Every evening a diplomat friend of ours, Sisir Gupta (who was a somewhat mysterious character, it was a bit difficult sometimes to figure out which side he was on), used to come to Mrinal’s place, and after imbibing his whiskey, he’d unburden the stories (‘from the horse’s mouth’) and intrigues that he had collected in the day from different political camps. He used to relate his stories in a conspiratorial whisper, I did not believe all of them, but many of them later checked out right. Some of the stories were about Indira’s rowdy younger son, Sanjay, and his evil doings, and also how the rest of even the ruling party was resenting the overbearing antics of what was called Sanjay’s ‘Punjabi mafia’—they lacked the social grace of the earlier ‘Kashmiri mafia’ around the mother.

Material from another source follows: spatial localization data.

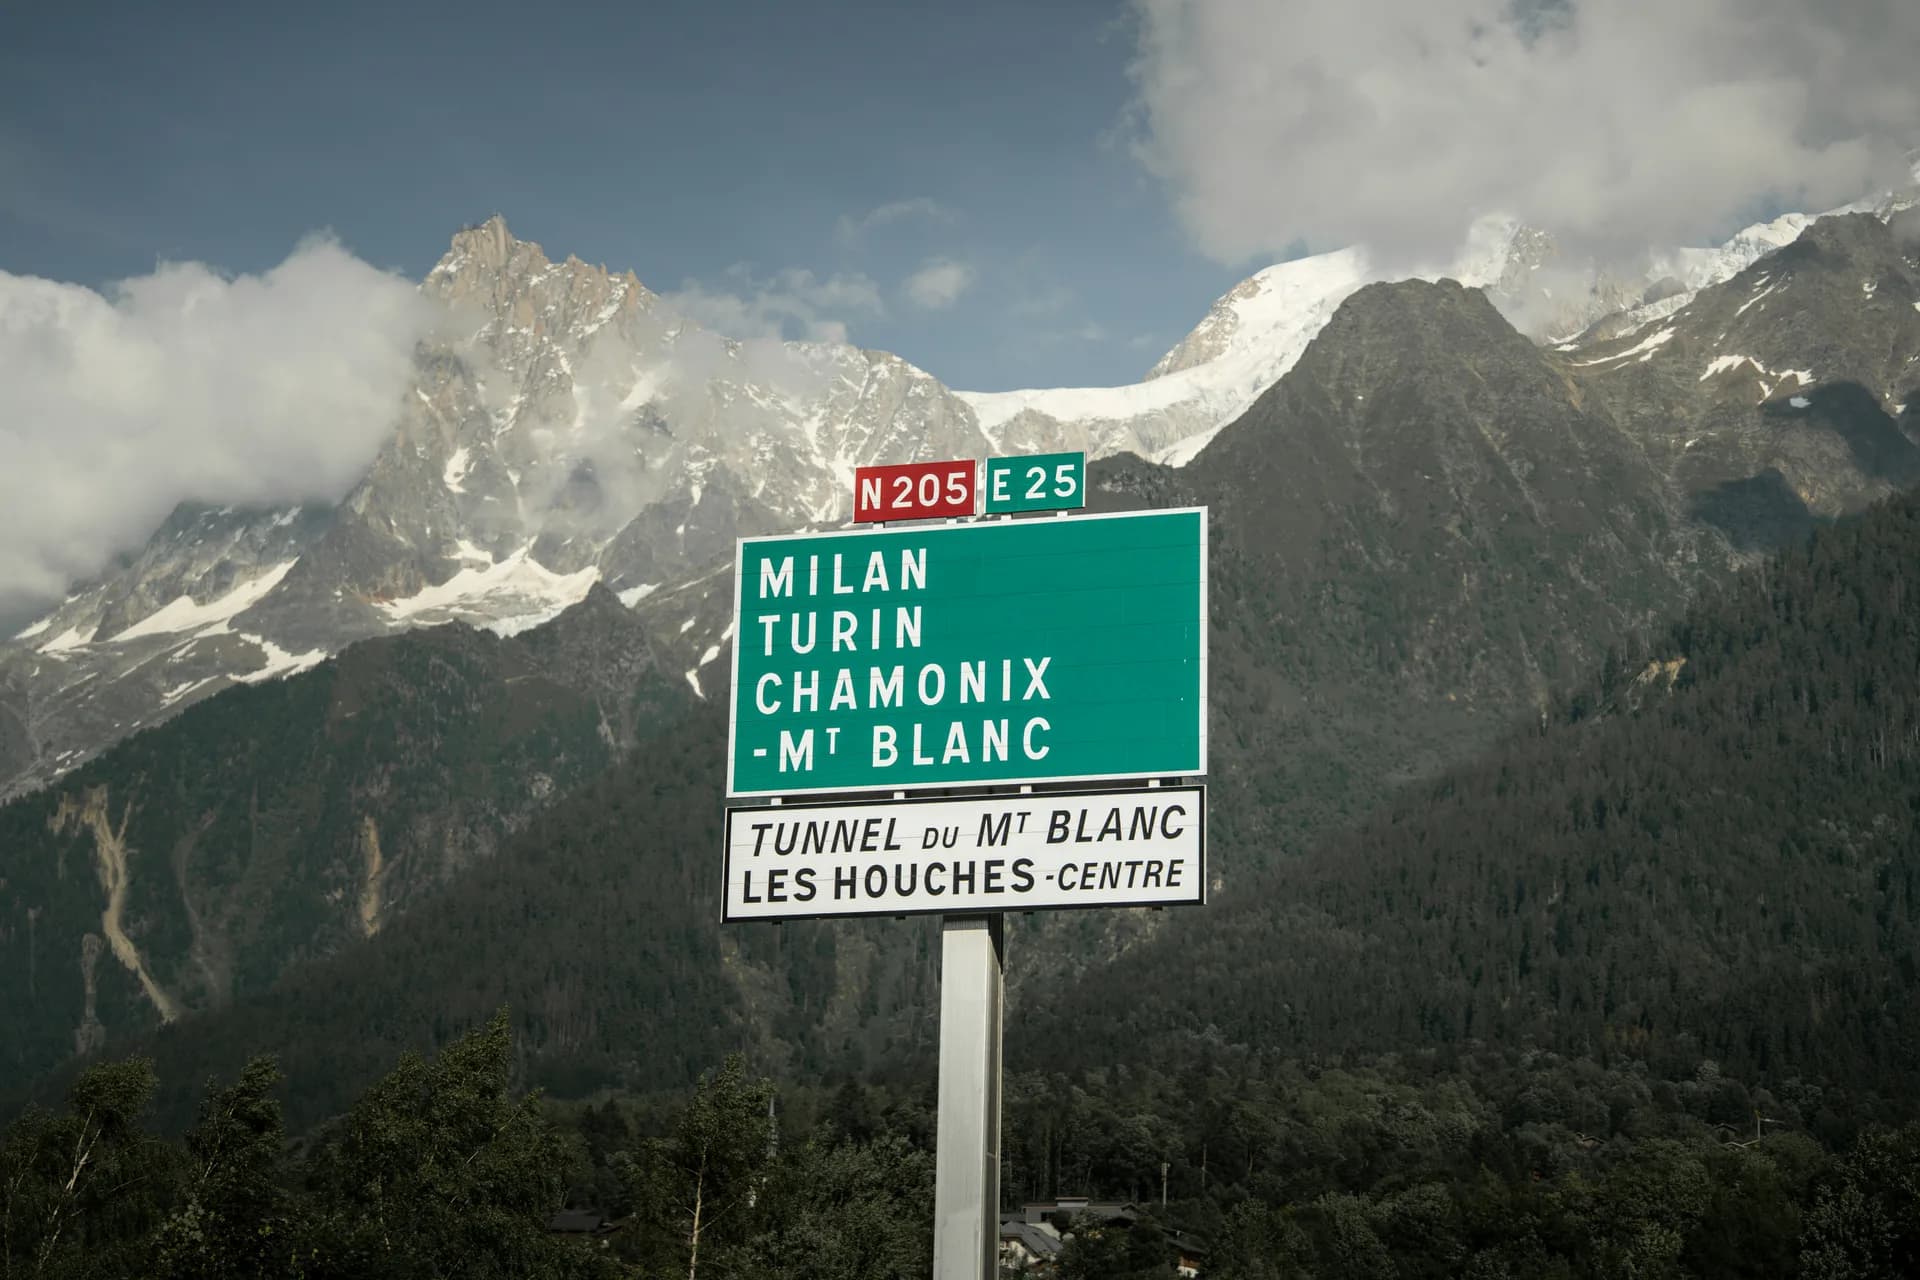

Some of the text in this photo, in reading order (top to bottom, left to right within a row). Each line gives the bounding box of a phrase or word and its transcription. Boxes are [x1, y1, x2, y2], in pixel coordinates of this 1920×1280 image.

[861, 471, 968, 511] N 205
[992, 463, 1077, 502] E 25
[759, 547, 927, 599] MILAN
[758, 605, 922, 657] TURIN
[755, 656, 1052, 715] CHAMONIX
[872, 716, 1051, 768] BLANC
[751, 817, 901, 857] TUNNEL
[921, 826, 959, 850] DU
[1046, 804, 1187, 844] BLANC
[743, 867, 817, 904] LES
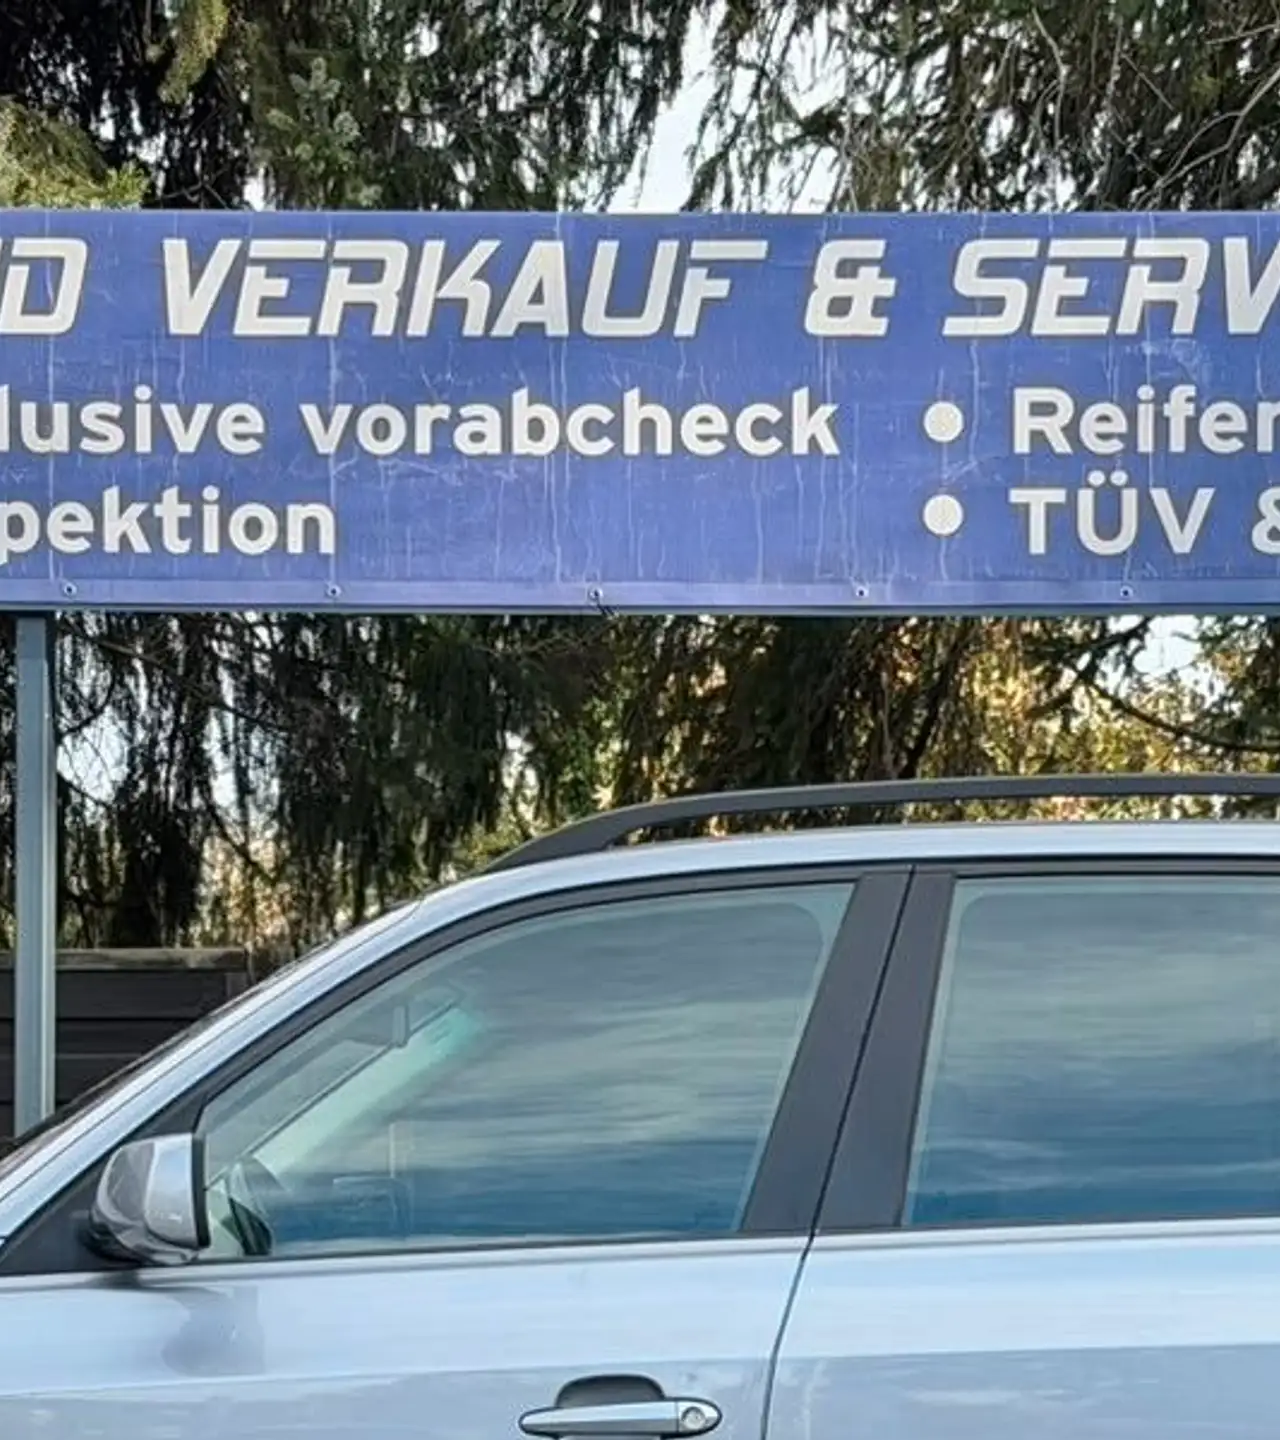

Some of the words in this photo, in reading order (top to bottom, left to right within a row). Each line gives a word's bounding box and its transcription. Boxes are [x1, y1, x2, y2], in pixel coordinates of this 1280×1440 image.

[162, 237, 768, 337] VERKAUF
[804, 238, 897, 337] &
[299, 386, 841, 457] vorabcheck
[1008, 469, 1215, 556] TÜV

Most people in the academia I knew were cowering in fear. Mrinal in this context showed a good deal of courage. One day I was chatting with him in his office when a group of louts with allegiance to Sanjay unceremoniously barged into Mrinal’s office and loudly demanded that the major auditorium in DSE was to be used by them for a forthcoming symposium on Sanjay’s ’20-point program’ (this was an ad hoc collection of sanctimonious programs to alleviate poverty, unemployment, etc. just to cover up the odor of their high-handed activities) for which the permission of Mrinal as the head of the Economics Department was needed. Then they also threateningly demanded that all of the Department’s faculty had to attend the symposium. Mrinal coolly responded by saying any organization could apply for using that auditorium, and they’d have to go to the office next door for the formal application; and no, he could not attend the symposium as he had already called a faculty meeting at the time they mentioned, but if any faculty member wanted to attend the symposium it was up to them. The louts were not fully happy, but after some grumbling they left the office, chanting slogans like “Long Live 20-point Program”.

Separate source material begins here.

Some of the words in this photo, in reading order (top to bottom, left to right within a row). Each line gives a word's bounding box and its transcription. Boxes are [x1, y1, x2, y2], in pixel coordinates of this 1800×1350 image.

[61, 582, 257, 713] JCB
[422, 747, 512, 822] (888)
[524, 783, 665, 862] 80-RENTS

Humor was one way to help us spend those dark days. Ashis told us about a friend who was making a call on his phone, and suddenly someone in the background who was tapping the phone said gruffly in Hindi, “Speak up, we can’t hear you”.  Mrinal, Ashis and I used to say that Indian authoritarianism would be characteristically inefficient, messy, showy, and farcical—more like that of Mussolini. There was a cartoon around that time by India’s best cartoonist, Laxman, on the order issued to all government officers on a pledge of loyalty to the 20-point program: one officer was heartily singing out the pledge, when someone rushed to point out that there was a typo in the office order, he was to ‘sign’ the pledge, not to ‘sing’ it!